University of North Carolina (UNC) logo

University of North Carolina (UNC)

Status

Not yet enrolling

Conditions

Hypertensive Disorder of Pregnancy

Treatments

Behavioral: Thriving Hearts
Other: Usual Care

Study type

Interventional

Funder types

Other

Identifiers

NCT06744231
24-2138

Details and patient eligibility

About

The overarching goal of Thriving Hearts is to implement a multi-level program through Local Health Departments (LHDs) that cultivates conditions for mothers and birthing people to not only survive pregnancy, but to thrive. Thriving Hearts is a collaboration among LHDs in ten North Carolina counties, designed to reduce incidence of Hypertensive Disorders of Pregnancy (HDP) and their complications through support and connection at the individual, healthcare provider, and community level. The investigators will conduct a pragmatic, stepped-wedge, cluster randomized study. Participating LHDs will begin in a usual care phase, and they will transition to Thriving Hearts in clusters in a randomly assigned sequence at 9-month intervals.

Full description

Birthing people in the United States experience unacceptable rates of severe maternal morbidity (SMM) and maternal mortality (MM). Hypertensive disorders of pregnancy (HDP) are a major contributor: among individuals who died during the birth hospitalization, one in three had an HDP diagnosis. Populations that have experienced structural racism are disproportionately affected. Compared with white birthing people, Black birthing people with HDP are more likely to experience severe morbidity, and they are 3.7 times more likely to die from HDP complications. To address the root causes of these disparities, multicomponent strategies are urgently needed. The overarching goal of Thriving Hearts is to implement such a multi-level intervention through Local Health Departments (LHDs), cultivating conditions for mothers and birthing people to not only survive pregnancy, but to thrive. Thriving Hearts is a collaboration among LHDs in ten North Carolina counties, designed to reduce incidence of HDP and its complications through support and connection at the individual, healthcare provider, and community level. At the individual level, Mama Hearts maternity care will provide evidence-based, culturally tailored, holistic preventative care for pregnant people at risk for HDP. At the healthcare provider level, the project will address burnout and compassion fatigue among LHD staff and community healthcare providers through healing-centered, trauma-informed care. At the community level, Loving Connection will deploy community health workers and an integrated medical-legal partnership to provide proactive support through universal, strength-based assistance in a mutual aid context, building awareness of local resources and cultivating spaces for community support, connection, and joy.

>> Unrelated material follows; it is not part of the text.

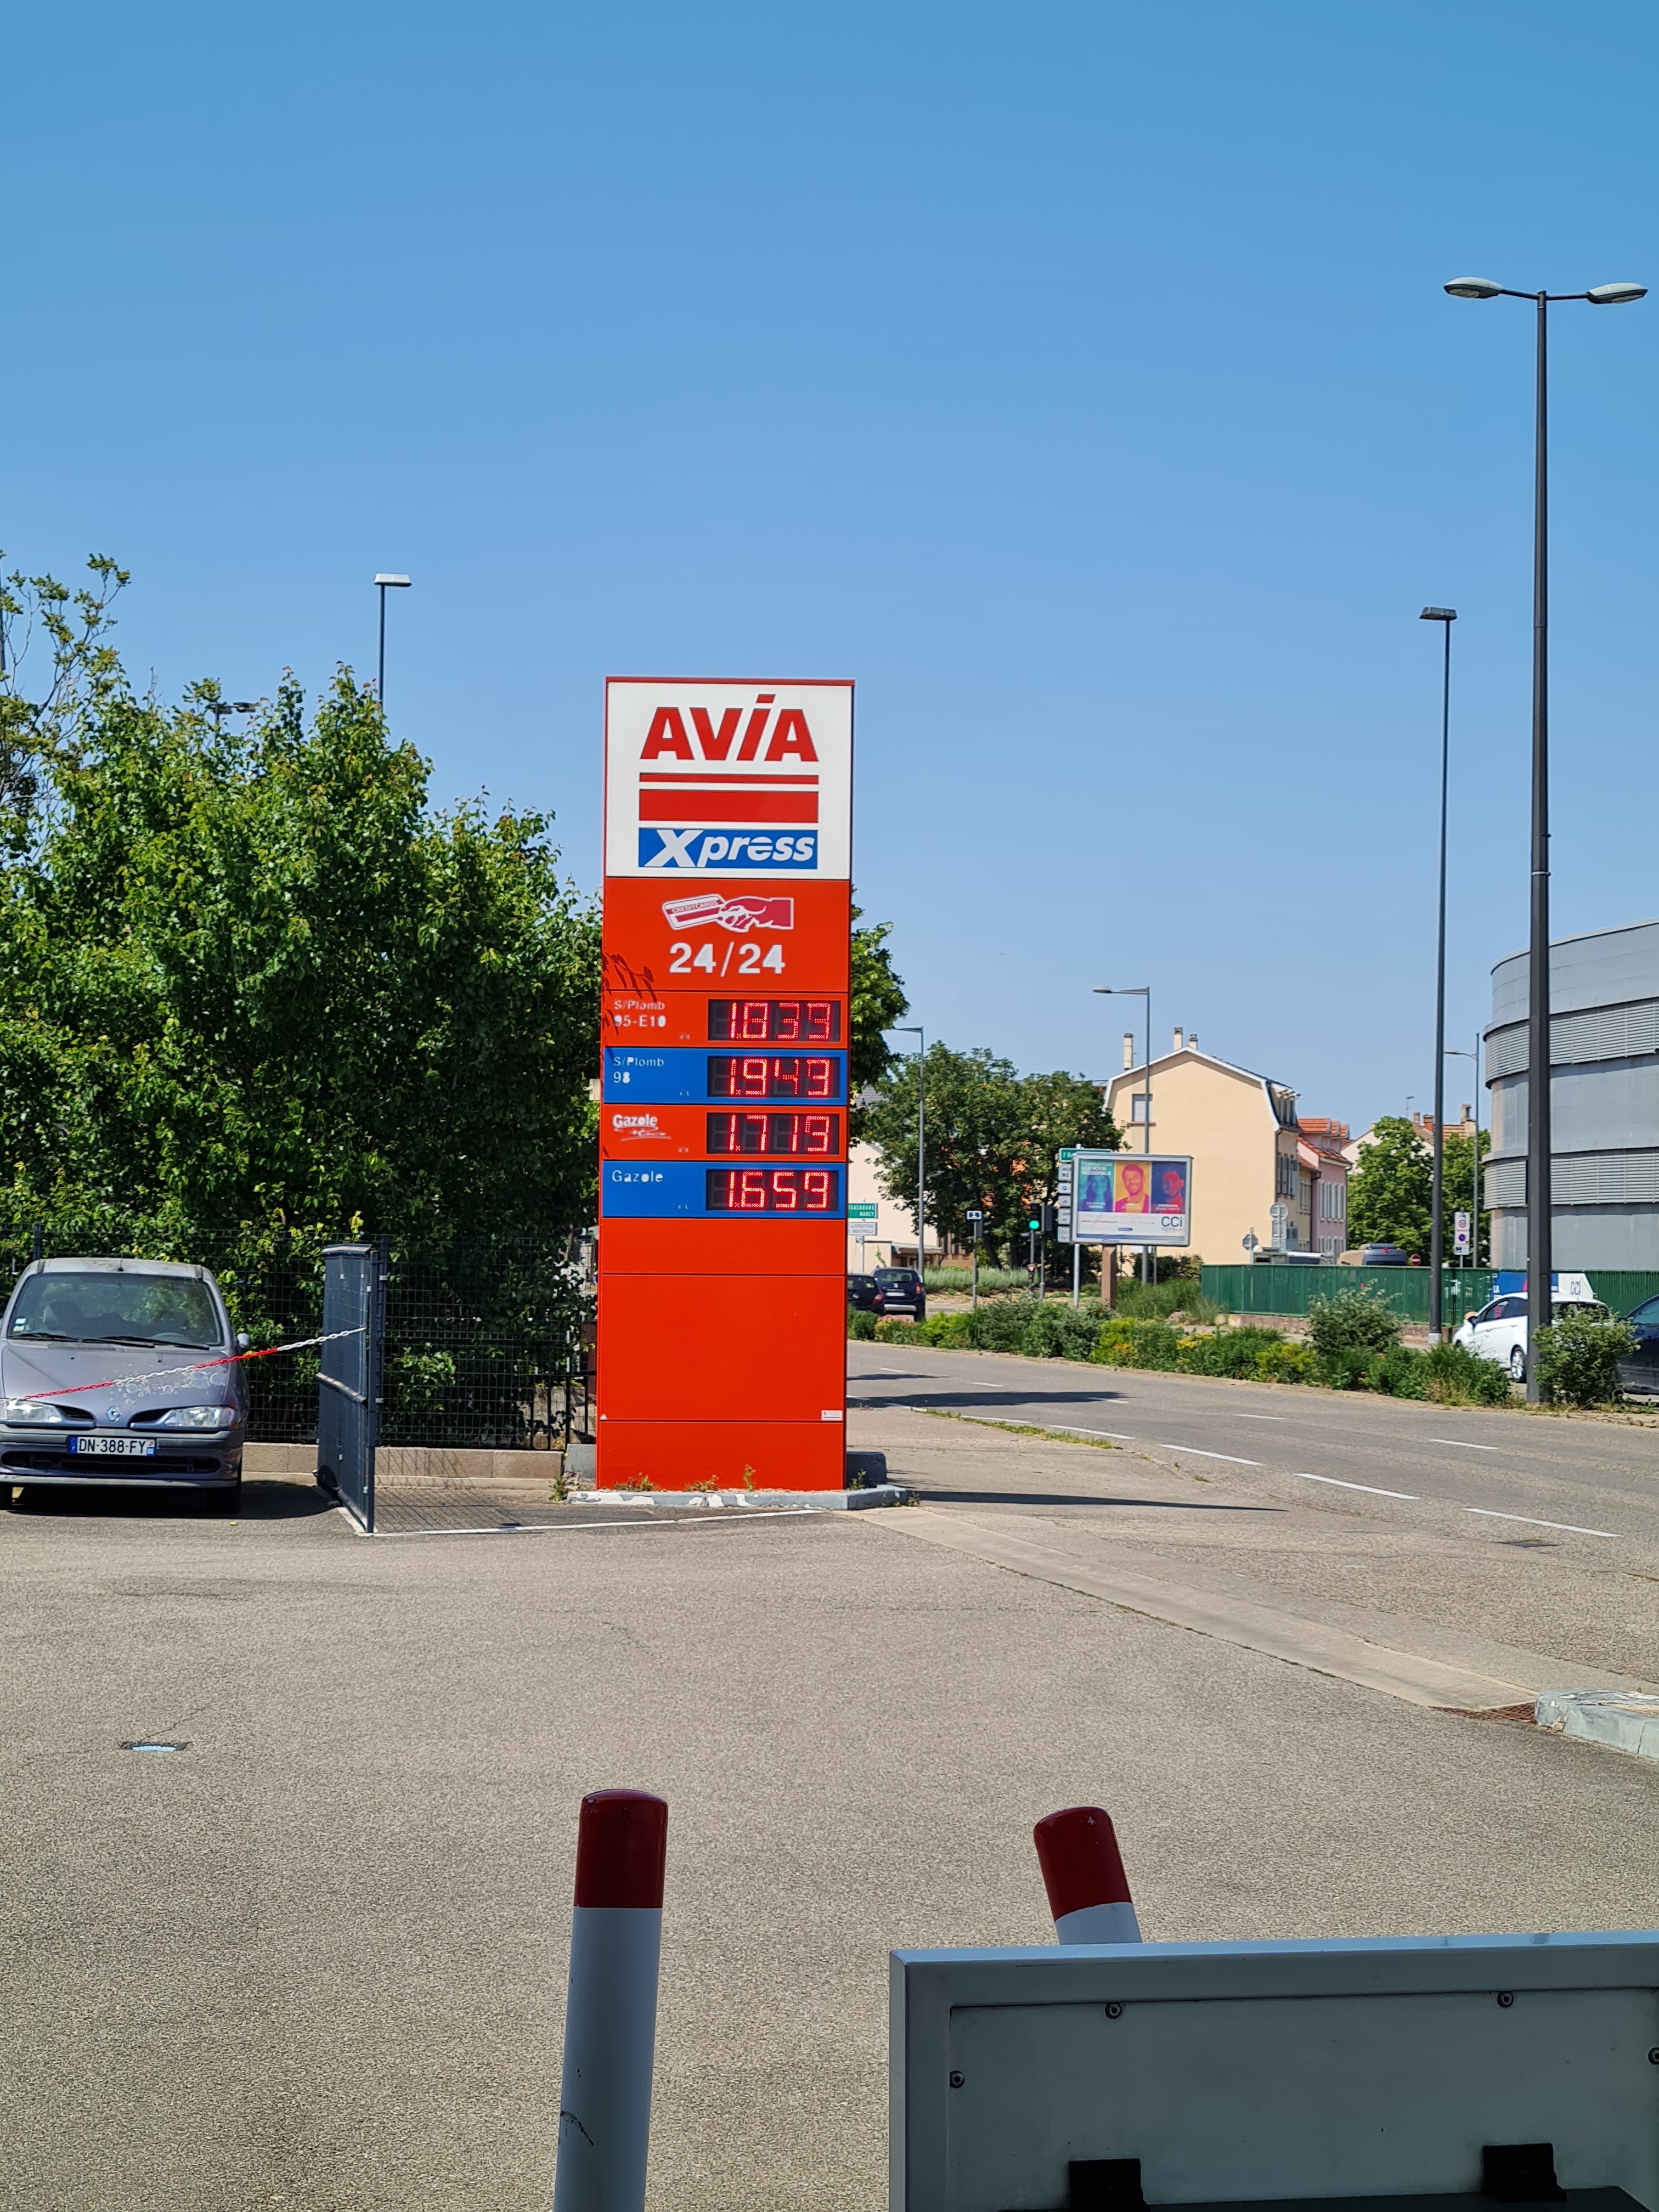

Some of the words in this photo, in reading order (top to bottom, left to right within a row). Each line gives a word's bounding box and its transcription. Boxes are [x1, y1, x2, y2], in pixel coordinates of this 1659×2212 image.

The Thriving Hearts study uses a hybrid type 1 effectiveness-implementation design. To quantify effectiveness, the team will conduct a pragmatic, stepped-wedge, cluster randomized trial, implementing the intervention through LHDs. Participating LHDs will begin in a usual care phase, and they will transition to Thriving Hearts in pairs in a randomly assigned sequence, at 9-month intervals. The team will systematically document usual care in each county. To inform future scale-up and dissemination, the team will conduct a mixed methods implementation evaluation.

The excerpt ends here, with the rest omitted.